Hugo ha utilizzato tutti i suoi risparmi, più di 300.000 pesos, frutto di dieci anni di lavoro in progetti edilizi in tutto il Paese, per ricostruire la loro casa.

Costruì rampe, allargò le porte, adattò il bagno e installò delle ringhiere affinché Lucía potesse muoversi senza dipendere troppo da lui.
Costruì persino una piccola terrazza dove lei poteva dipingere mentre lui lavorava.
"Voglio che anche tu senta che questa casa è tua", le disse, asciugandole il sudore dal viso con una mano impolverata.
Lucía sorrise tra le lacrime. Per la prima volta, il futuro non le faceva più paura.
La loro prima notte di nozze arrivò sotto una leggera pioggia.
La stanza appena ristrutturata profumava di legno nuovo e fiori di gelsomino.
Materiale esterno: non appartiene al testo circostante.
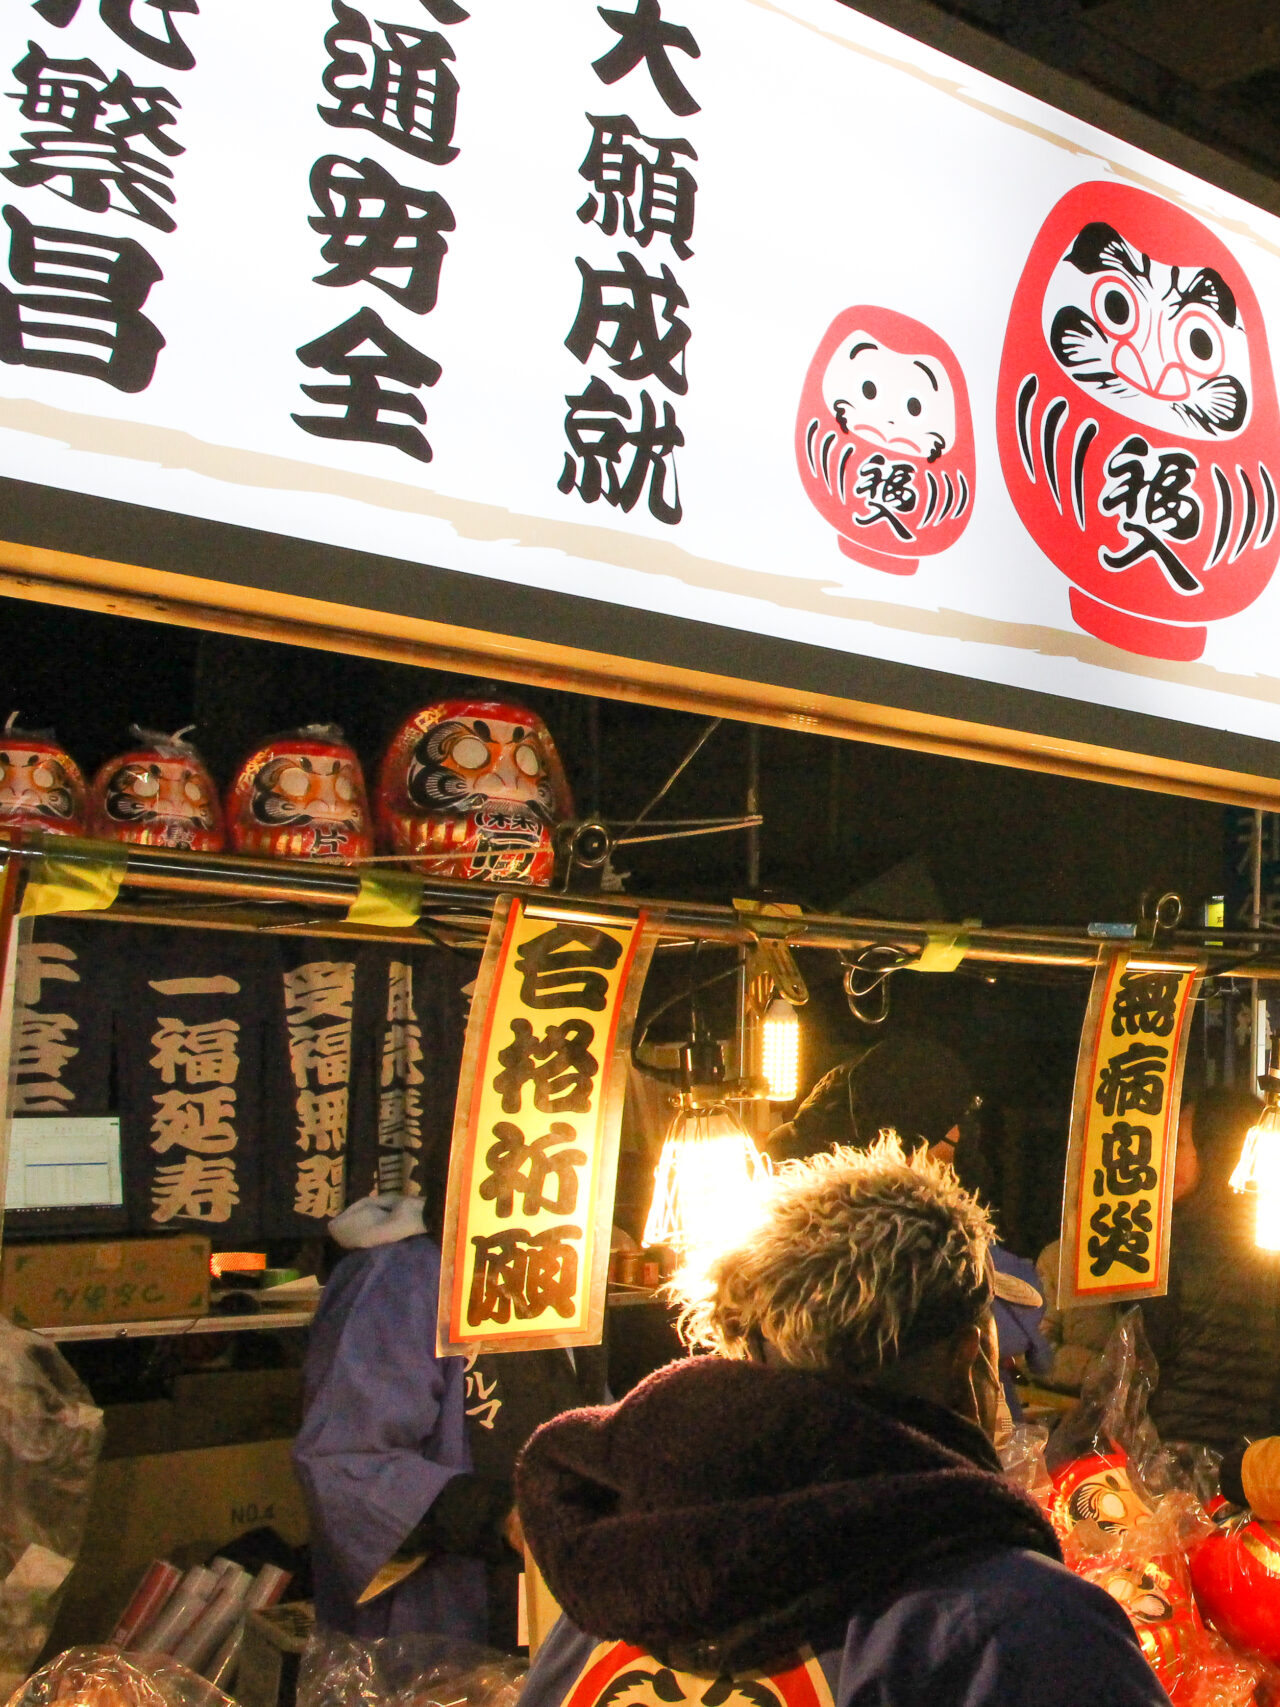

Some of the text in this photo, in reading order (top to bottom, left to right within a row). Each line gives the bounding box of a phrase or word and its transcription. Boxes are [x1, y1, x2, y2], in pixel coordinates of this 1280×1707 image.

[290, 0, 473, 464] 通安全
[556, 0, 702, 525] 大願成就
[148, 974, 241, 1223] 一福延寿
[467, 924, 625, 1328] 合格祈願
[1087, 971, 1184, 1278] 無病息災
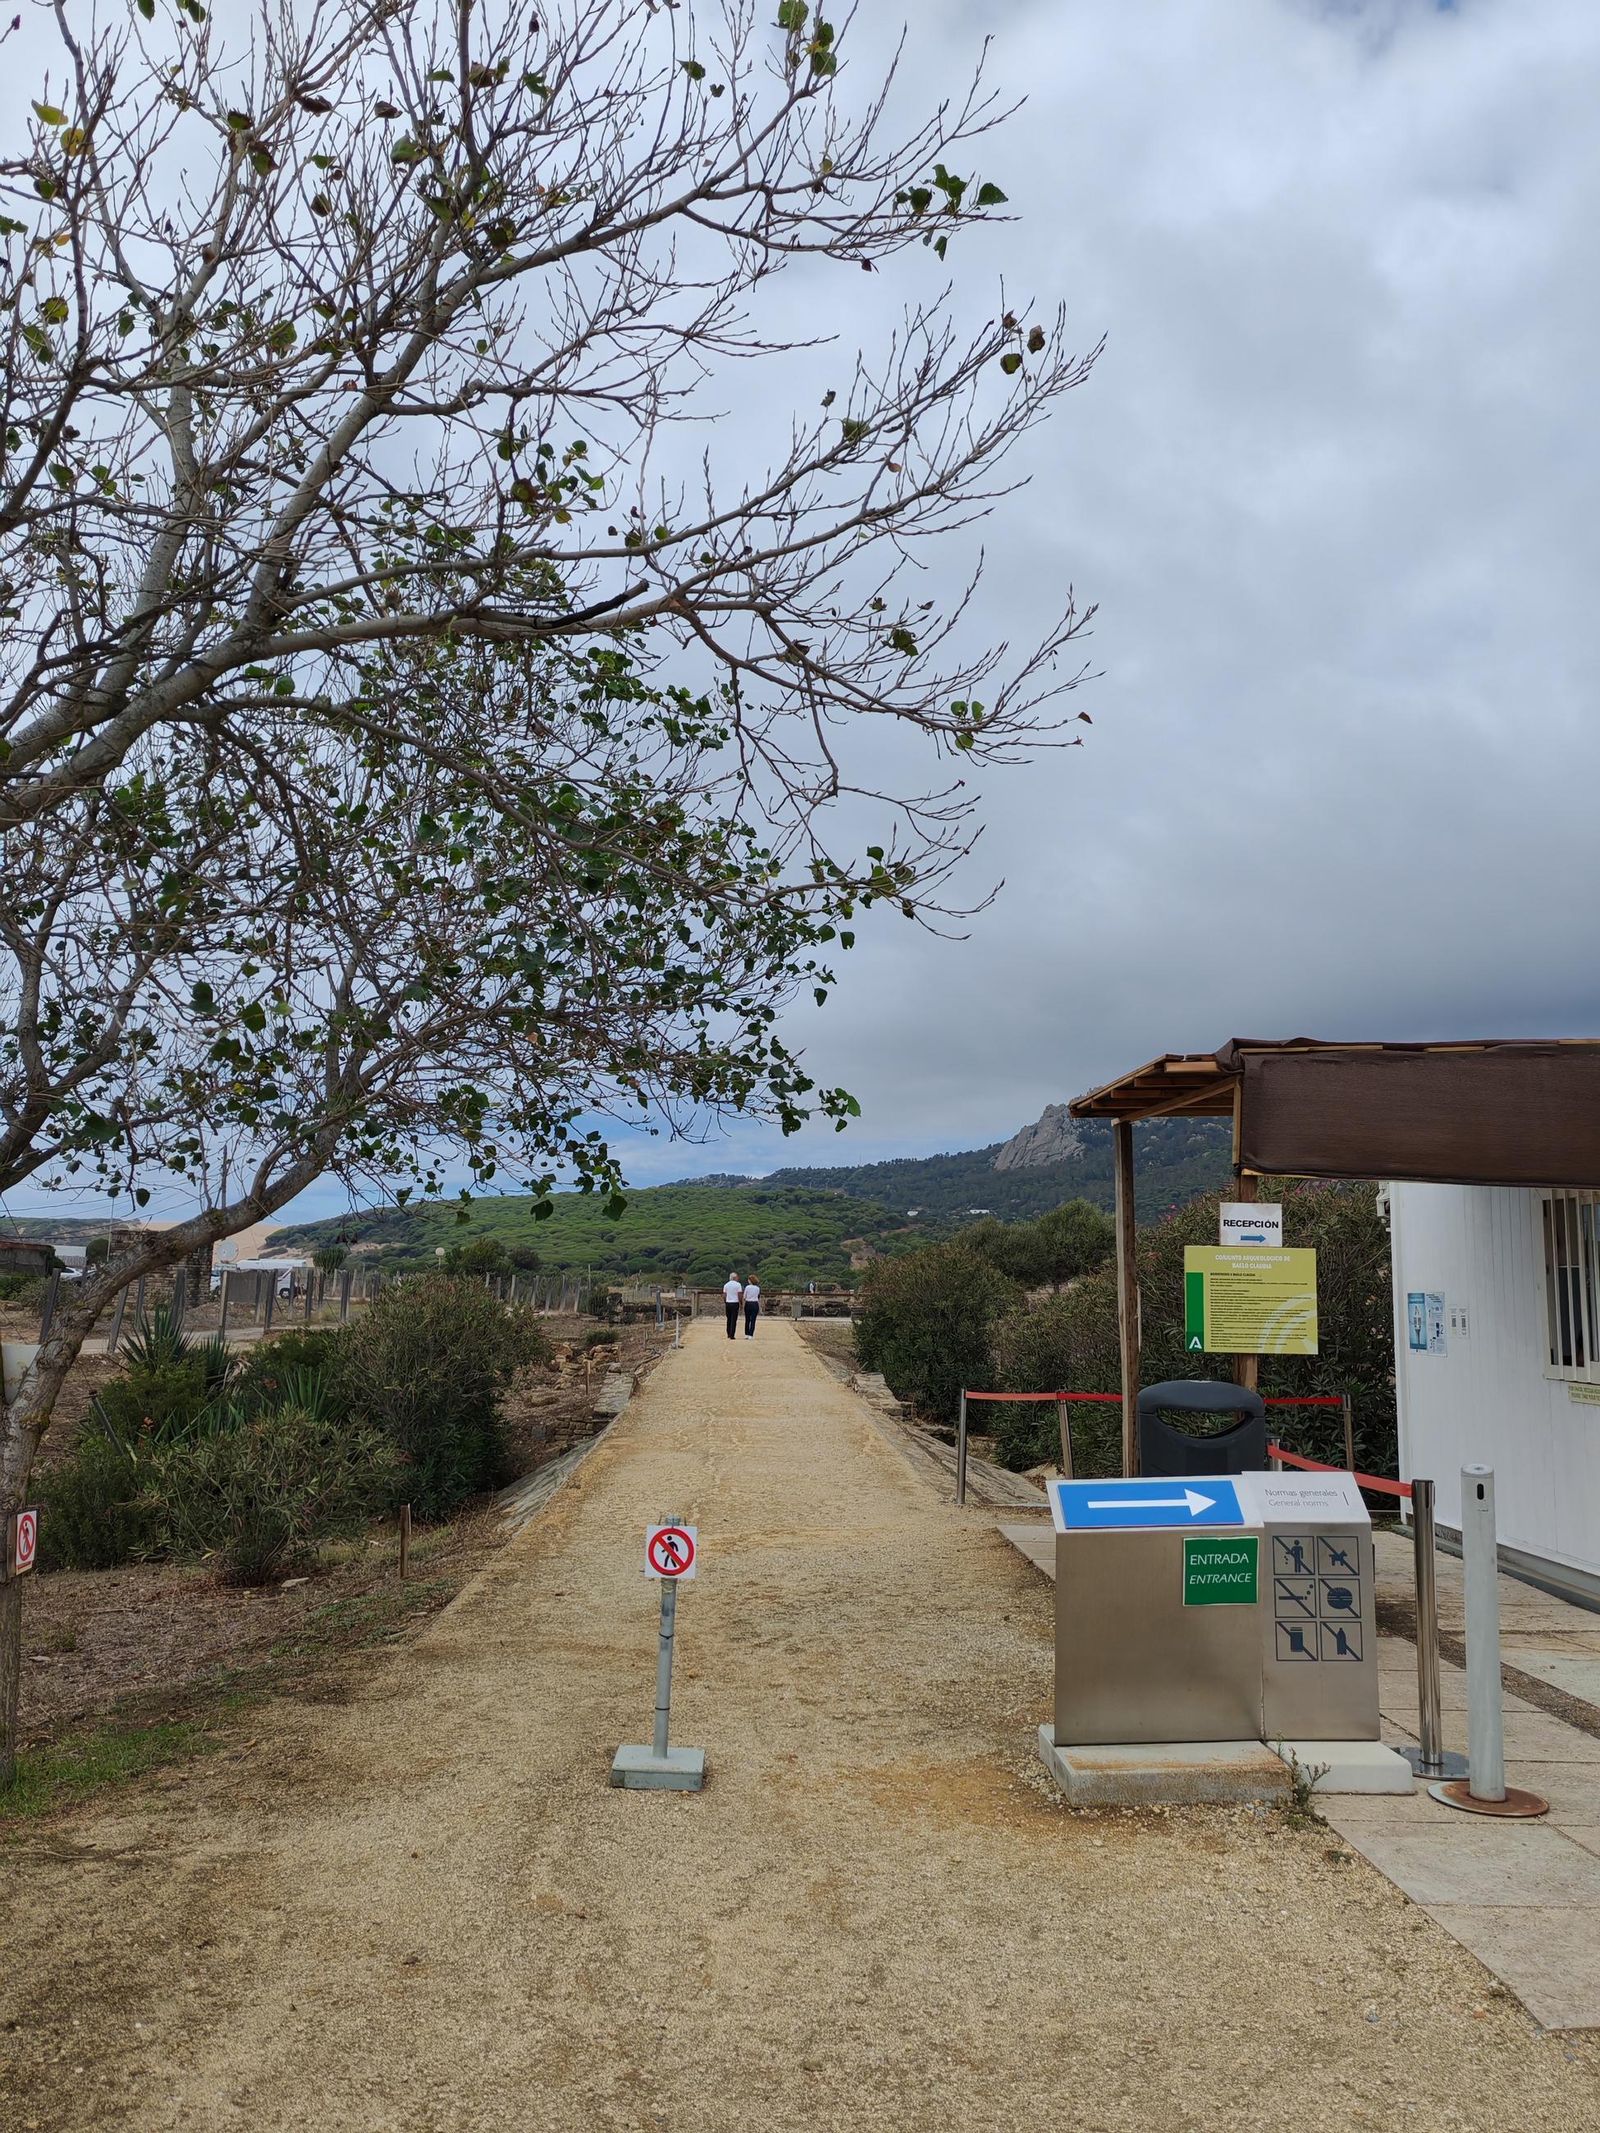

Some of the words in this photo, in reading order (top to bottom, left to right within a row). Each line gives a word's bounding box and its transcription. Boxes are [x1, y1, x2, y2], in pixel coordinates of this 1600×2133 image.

[1223, 1219, 1280, 1229] RECEPCIÓN
[1264, 1488, 1298, 1497] Normas
[1298, 1488, 1338, 1499] generales
[1268, 1499, 1301, 1507] General
[1190, 1552, 1250, 1566] ENTRADA
[1189, 1572, 1253, 1585] ENTRANCE
Hugo aiutò nervosamente Lucía a sedersi sul letto.
Le sue mani tremavano, non per il desiderio, ma per la tenerezza.
Quando si tolse con cura l'abito di pizzo bianco, si fermò.
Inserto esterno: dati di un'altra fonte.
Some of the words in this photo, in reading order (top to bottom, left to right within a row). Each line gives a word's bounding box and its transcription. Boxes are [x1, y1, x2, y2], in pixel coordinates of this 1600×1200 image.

Non per la fragilità del corpo della moglie, ma per le cicatrici: lunghi segni grigi che le correvano lungo la schiena, tracce di interventi chirurgici, cadute e notti di dolore silenzioso.
Hugo non disse una parola. La strinse forte, così forte che le lacrime le caddero sui capelli.
"Non te ne penti?" chiese Lucía, con voce appena udibile.
"Mi dispiace solo di non averti incontrato prima... così avrei potuto soffrire meno con te", rispose.
"Sei il premio più grande della mia vita."
Lucía pianse. Quella notte non ci fu compassione, solo puro amore.
I giorni successivi furono pieni di routine, risate e speranza.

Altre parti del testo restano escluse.